In a w of minus 1a half universe, a phantom energy universe, a big rip universe, what happens is everything gets torn apart. The horizons of the universe gets smaller and smaller and smaller. The scales at which 2 objects get ripped apart and caught up in this accelerated expansion just gets smaller and smaller and smaller. In a normal cosmological constant universe, a w of minus 1, a flat boring universe. Yeah.

There's still this happening. Your horizon is shrinking, but dark energy in that case, in a cosmological constant case isn't gonna touch galaxies. It isn't gonna touch groups. They they, clusters, anything like that. Anything that's gravitationally bound will stay gravitationally bound forever.

But in a big rip scenario, well, things get torn apart until you reach an event called the big rip, because about 34000000000 years from now, that's with 1000000000 years left to go, galaxy clusters get torn apart. Individual galaxies get flung away from each other even inside of clusters. At t minus 60000000 years, the Milky Way gets destroyed. You see a star on the other edge of the Milky Way? In a Big Rip scenario, that star gets plucked away from us, gets torn away from us, gets accelerated away from us faster than the speed of light.

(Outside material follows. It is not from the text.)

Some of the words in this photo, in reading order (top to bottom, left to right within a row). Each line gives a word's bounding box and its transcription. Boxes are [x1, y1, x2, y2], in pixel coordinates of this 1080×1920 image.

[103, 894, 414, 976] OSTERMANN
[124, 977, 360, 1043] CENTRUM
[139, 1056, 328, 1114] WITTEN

It goes to live in its own universe. At t minus 3 months, our solar system gets ripped apart. You know what's left of it? The distance between here and Jupiter is so insignificant on cosmological scales. This might as well be nothing, but in a big rip scenario, Jupiter gets caught up in the accelerated expansion, and it gets torn away from us.

At t minus 30 minutes, the earth explodes. On one side of the earth gets removed from causal contact from the other side of the earth. It gets ripped apart. At t minus 19 seconds, atoms break apart. An electron can no longer be in causal contact with a neutron or a proton.

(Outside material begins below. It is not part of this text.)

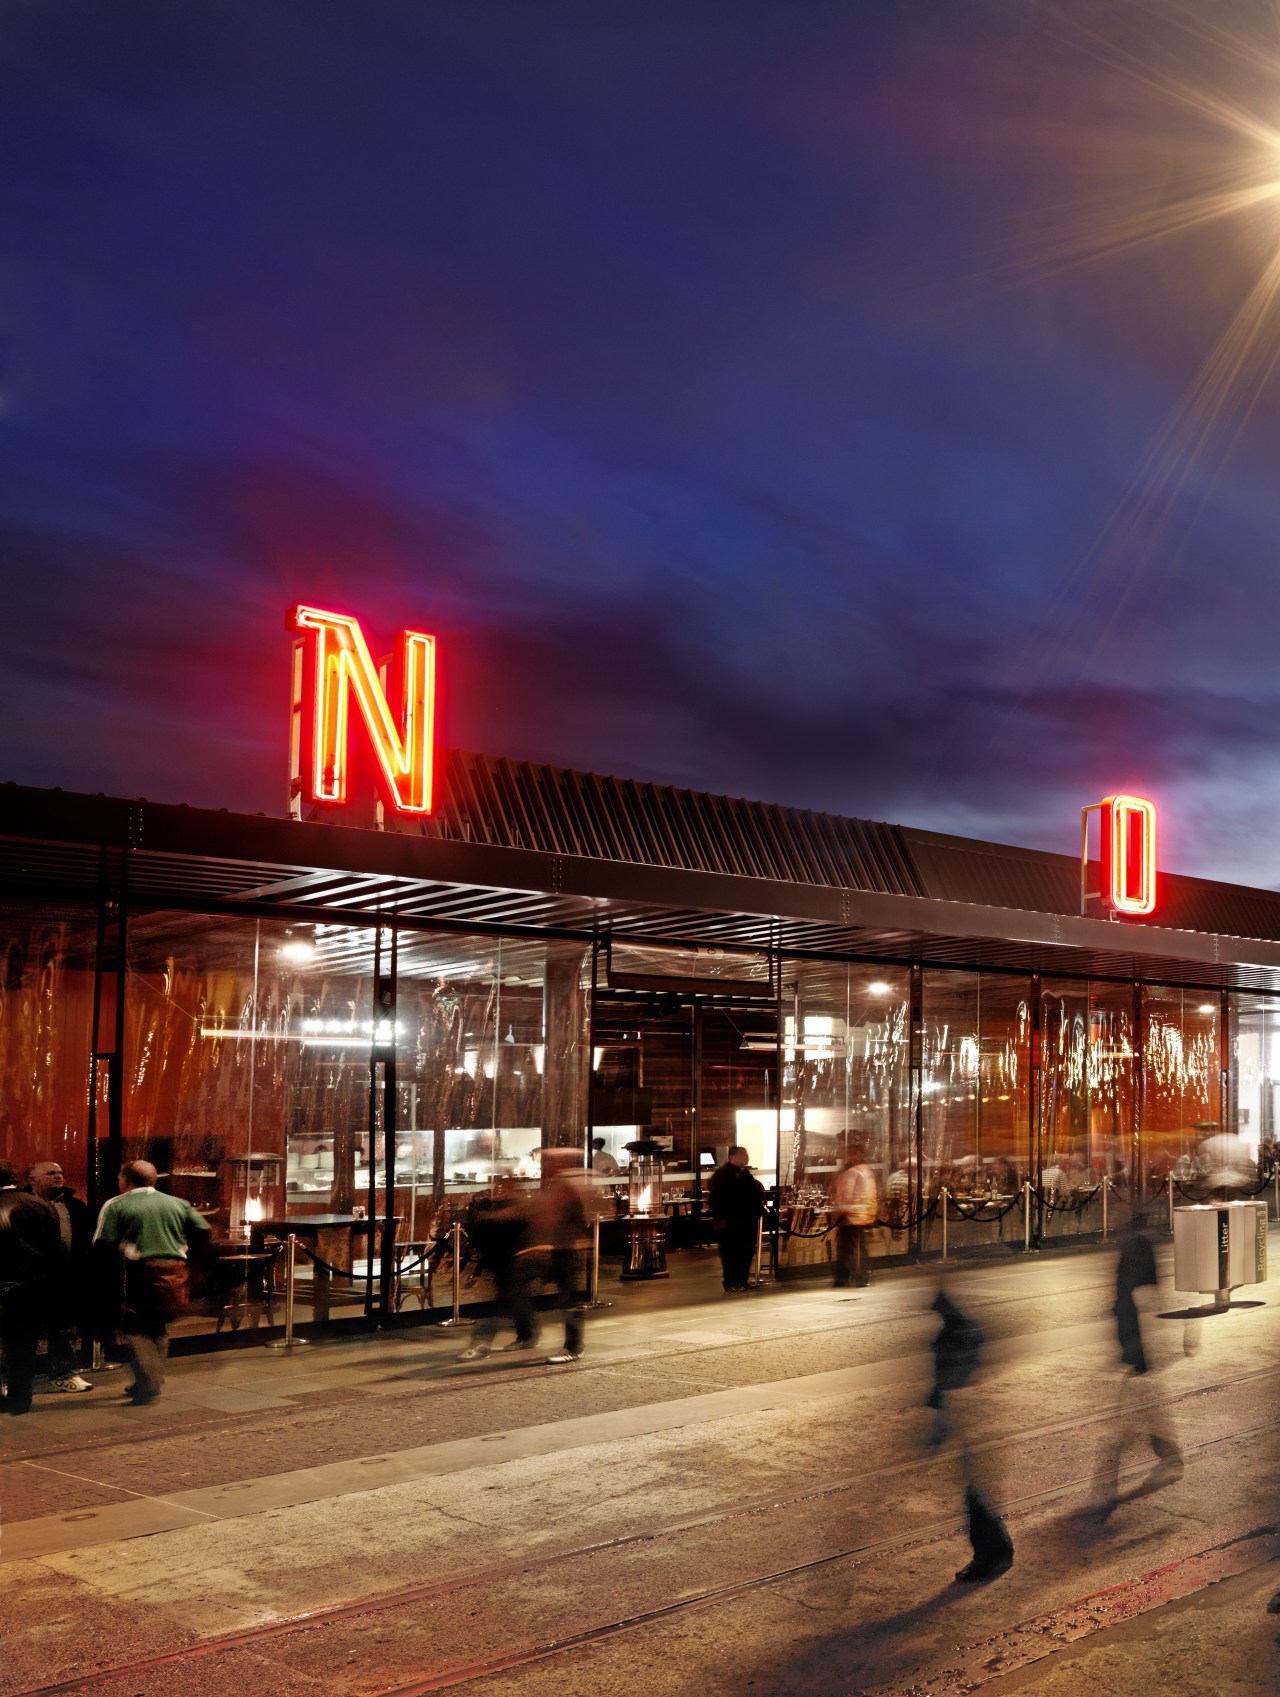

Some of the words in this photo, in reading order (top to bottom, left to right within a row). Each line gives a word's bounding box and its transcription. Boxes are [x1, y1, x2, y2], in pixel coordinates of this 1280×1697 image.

[292, 604, 436, 815] N
[1108, 794, 1157, 914] O
[1257, 1218, 1266, 1271] Recycling

Atoms themselves get destroyed, and then comes oblivion, the destruction of space and time. All scales in space and time are removed from causal contact with each other. You can pick any two points no matter how close they are, Planck scale close, and they will be caught up in this accelerated expansion and torn apart. All causal connections all the way down to the Planck scale, the very fabric of space time itself losing all sense of regularity. And it is an end of the universe, at least as we understand it.

Yeah. Our understanding of the universe is grounded in space and time, being space and time. What if distances any two distances are always essentially infinitely far away from each other? It's like a reverse singularity where space and time instead of crunching down into an infinitely dense point just explode, leaving nothing in its wake. That's the big rip.

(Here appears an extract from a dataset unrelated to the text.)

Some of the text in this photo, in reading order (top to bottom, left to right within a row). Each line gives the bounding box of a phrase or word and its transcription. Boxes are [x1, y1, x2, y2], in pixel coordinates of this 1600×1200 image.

That's pretty grim, if a bit overdramatic. Obviously, w is not that negative. We know that already from measurements, and so the timeline isn't accurate. Given current constraints of what we know of w, that scenario won't play out for 100 of 1,000,000,000 of years from now, but that's still pretty uncomfortable. Isn't the universe supposed to last longer than that?

You know, they say that human timescales are nothing compared to cosmic timescales. You know, we've only been around as a species for a blink of an eye, etcetera, etcetera, but life itself has been around for a few 1000000000 years, which is not as long as the whole entire universe, but it's up there. Our universe has been around for nearly 140000000 years. Life on earth has been around for what, like 4000000000 years. You know, it's in the same ballpark.

It's it's in the same weight classes in the same league, and to me, personally, if the universe exists for anything less than a trillion years, like, that's troubling to me. That means this is it. The time scales that our universe has already experienced, you know, the the evolution of life have already experienced. So basically it is it's basically over. That's a surprisingly to me, short amount of time for the universe to exist.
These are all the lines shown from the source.